(Saved entries)

= Beginning of Section =

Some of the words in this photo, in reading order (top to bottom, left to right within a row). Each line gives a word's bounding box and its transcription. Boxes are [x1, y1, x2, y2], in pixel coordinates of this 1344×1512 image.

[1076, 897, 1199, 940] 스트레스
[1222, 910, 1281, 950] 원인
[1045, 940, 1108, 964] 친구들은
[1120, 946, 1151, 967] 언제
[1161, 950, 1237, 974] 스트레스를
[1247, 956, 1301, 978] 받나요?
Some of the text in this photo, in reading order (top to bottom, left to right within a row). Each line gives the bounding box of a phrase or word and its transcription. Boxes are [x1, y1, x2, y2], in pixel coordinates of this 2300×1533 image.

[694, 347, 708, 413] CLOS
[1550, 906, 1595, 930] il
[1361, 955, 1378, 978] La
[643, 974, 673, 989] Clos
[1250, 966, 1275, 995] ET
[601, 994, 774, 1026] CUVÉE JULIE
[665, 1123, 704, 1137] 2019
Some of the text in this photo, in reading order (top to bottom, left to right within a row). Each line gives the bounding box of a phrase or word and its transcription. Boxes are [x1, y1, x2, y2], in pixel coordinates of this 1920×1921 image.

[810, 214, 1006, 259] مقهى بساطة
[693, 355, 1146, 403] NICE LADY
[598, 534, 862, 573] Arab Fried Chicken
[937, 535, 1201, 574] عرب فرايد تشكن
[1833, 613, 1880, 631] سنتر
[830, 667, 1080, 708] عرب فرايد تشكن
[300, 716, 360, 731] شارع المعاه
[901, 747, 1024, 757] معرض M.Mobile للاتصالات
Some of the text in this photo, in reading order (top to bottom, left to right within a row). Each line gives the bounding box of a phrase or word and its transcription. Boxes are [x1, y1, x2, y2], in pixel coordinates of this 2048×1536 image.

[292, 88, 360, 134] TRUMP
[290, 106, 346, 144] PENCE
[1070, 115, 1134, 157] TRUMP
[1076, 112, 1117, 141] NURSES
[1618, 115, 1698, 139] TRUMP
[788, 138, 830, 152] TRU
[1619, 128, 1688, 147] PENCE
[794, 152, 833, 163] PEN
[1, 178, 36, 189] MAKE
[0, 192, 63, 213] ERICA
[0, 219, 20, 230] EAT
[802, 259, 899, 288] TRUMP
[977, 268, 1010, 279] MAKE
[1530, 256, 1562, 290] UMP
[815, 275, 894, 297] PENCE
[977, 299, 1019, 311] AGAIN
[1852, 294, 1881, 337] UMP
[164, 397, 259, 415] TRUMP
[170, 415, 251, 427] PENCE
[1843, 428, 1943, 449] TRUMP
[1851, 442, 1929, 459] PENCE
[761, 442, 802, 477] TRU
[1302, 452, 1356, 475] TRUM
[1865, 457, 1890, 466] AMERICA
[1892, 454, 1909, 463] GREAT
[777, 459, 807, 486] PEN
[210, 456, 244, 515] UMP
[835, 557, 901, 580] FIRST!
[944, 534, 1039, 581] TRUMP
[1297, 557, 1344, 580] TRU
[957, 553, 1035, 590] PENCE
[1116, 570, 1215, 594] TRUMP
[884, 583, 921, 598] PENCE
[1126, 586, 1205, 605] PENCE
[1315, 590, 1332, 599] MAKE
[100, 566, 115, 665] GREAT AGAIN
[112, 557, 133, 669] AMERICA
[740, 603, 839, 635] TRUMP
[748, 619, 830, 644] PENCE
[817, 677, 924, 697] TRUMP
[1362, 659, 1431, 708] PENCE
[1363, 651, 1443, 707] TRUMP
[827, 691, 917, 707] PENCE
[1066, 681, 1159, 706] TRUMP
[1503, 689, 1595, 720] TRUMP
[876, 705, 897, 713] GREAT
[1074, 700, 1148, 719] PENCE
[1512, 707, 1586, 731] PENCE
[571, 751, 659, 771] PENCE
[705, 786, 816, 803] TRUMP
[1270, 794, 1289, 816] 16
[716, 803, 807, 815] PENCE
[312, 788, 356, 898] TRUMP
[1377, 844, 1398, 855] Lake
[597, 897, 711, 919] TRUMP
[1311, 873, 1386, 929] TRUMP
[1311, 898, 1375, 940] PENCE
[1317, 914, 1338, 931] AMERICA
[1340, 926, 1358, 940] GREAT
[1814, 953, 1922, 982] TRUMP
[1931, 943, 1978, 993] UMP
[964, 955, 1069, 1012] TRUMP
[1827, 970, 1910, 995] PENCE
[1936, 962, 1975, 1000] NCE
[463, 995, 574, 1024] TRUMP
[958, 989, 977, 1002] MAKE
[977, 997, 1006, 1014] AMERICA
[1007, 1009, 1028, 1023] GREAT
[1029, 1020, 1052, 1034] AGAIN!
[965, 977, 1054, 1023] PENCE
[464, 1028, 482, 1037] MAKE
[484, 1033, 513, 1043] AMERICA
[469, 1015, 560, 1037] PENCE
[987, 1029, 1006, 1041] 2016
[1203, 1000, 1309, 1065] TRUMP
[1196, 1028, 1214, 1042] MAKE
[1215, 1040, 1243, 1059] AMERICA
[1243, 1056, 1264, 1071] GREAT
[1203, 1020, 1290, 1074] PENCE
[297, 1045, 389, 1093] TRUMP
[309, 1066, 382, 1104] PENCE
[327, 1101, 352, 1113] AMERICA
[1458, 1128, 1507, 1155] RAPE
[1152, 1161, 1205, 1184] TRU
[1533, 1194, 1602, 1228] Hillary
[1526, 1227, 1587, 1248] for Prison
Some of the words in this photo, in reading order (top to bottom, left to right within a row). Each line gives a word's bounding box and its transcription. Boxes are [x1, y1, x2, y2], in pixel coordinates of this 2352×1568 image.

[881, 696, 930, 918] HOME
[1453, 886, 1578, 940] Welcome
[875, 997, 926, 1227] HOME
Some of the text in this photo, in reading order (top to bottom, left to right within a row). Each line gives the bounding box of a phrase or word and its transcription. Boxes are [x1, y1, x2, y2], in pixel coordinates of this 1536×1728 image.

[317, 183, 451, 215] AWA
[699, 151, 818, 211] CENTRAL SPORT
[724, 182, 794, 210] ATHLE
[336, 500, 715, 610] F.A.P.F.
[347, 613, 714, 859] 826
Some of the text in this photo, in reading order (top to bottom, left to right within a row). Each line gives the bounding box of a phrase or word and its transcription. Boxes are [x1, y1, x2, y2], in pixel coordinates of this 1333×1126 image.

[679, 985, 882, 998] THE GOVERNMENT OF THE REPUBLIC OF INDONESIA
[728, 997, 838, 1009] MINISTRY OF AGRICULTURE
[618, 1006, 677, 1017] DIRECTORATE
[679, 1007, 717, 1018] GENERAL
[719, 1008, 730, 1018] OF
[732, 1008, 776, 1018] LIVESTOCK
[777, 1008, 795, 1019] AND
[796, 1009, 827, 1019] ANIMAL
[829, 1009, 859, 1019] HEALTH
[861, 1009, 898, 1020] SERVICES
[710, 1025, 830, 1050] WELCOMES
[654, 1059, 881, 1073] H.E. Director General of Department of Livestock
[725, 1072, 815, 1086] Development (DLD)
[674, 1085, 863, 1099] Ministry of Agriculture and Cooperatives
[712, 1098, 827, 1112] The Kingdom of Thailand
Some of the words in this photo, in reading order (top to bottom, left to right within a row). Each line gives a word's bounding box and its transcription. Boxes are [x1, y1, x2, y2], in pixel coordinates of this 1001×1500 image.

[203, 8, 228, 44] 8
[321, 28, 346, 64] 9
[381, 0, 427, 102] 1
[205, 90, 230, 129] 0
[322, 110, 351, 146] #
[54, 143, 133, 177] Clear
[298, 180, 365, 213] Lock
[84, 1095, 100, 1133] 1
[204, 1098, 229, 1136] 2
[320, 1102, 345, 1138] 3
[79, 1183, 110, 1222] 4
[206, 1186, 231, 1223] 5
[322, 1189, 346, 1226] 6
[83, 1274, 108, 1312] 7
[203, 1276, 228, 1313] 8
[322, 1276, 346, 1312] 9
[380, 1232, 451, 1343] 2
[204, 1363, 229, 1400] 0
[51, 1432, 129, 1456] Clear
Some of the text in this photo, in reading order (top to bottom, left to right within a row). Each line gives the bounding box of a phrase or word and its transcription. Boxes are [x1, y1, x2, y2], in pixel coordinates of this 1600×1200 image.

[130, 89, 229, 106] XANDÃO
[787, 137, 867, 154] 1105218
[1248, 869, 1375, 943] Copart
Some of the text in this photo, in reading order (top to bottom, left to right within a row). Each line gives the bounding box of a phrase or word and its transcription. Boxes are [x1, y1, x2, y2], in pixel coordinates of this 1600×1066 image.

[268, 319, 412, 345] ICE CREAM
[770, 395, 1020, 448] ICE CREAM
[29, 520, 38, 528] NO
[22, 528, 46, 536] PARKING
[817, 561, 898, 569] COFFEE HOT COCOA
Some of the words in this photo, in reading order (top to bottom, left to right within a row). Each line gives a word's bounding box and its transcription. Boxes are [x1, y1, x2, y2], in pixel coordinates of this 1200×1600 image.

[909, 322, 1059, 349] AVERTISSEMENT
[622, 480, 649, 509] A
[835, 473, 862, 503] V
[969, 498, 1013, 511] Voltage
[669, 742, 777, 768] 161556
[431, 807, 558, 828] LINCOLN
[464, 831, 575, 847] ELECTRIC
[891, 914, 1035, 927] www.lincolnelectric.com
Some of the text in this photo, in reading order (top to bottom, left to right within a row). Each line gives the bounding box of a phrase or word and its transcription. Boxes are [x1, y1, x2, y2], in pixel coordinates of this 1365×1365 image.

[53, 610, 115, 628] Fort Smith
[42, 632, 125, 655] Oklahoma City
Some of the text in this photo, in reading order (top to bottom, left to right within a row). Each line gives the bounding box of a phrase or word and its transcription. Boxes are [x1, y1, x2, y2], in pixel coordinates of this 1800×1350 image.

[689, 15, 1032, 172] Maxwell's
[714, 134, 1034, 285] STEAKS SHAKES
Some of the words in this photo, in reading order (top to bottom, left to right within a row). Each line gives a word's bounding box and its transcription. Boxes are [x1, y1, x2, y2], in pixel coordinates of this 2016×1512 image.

= End of Section =

What you are asked to do =
An exact copy is needed of the closing lines of the entries above, counting from the one that contains "this 1365×1365 image." and including it and the last.

Answer to this problem =
Some of the text in this photo, in reading order (top to bottom, left to right within a row). Each line gives the bounding box of a phrase or word and its transcription. Boxes are [x1, y1, x2, y2], in pixel coordinates of this 1365×1365 image.

[53, 610, 115, 628] Fort Smith
[42, 632, 125, 655] Oklahoma City
Some of the text in this photo, in reading order (top to bottom, left to right within a row). Each line gives the bounding box of a phrase or word and its transcription. Boxes are [x1, y1, x2, y2], in pixel coordinates of this 1800×1350 image.

[689, 15, 1032, 172] Maxwell's
[714, 134, 1034, 285] STEAKS SHAKES
Some of the words in this photo, in reading order (top to bottom, left to right within a row). Each line gives a word's bounding box and its transcription. Boxes are [x1, y1, x2, y2], in pixel coordinates of this 2016×1512 image.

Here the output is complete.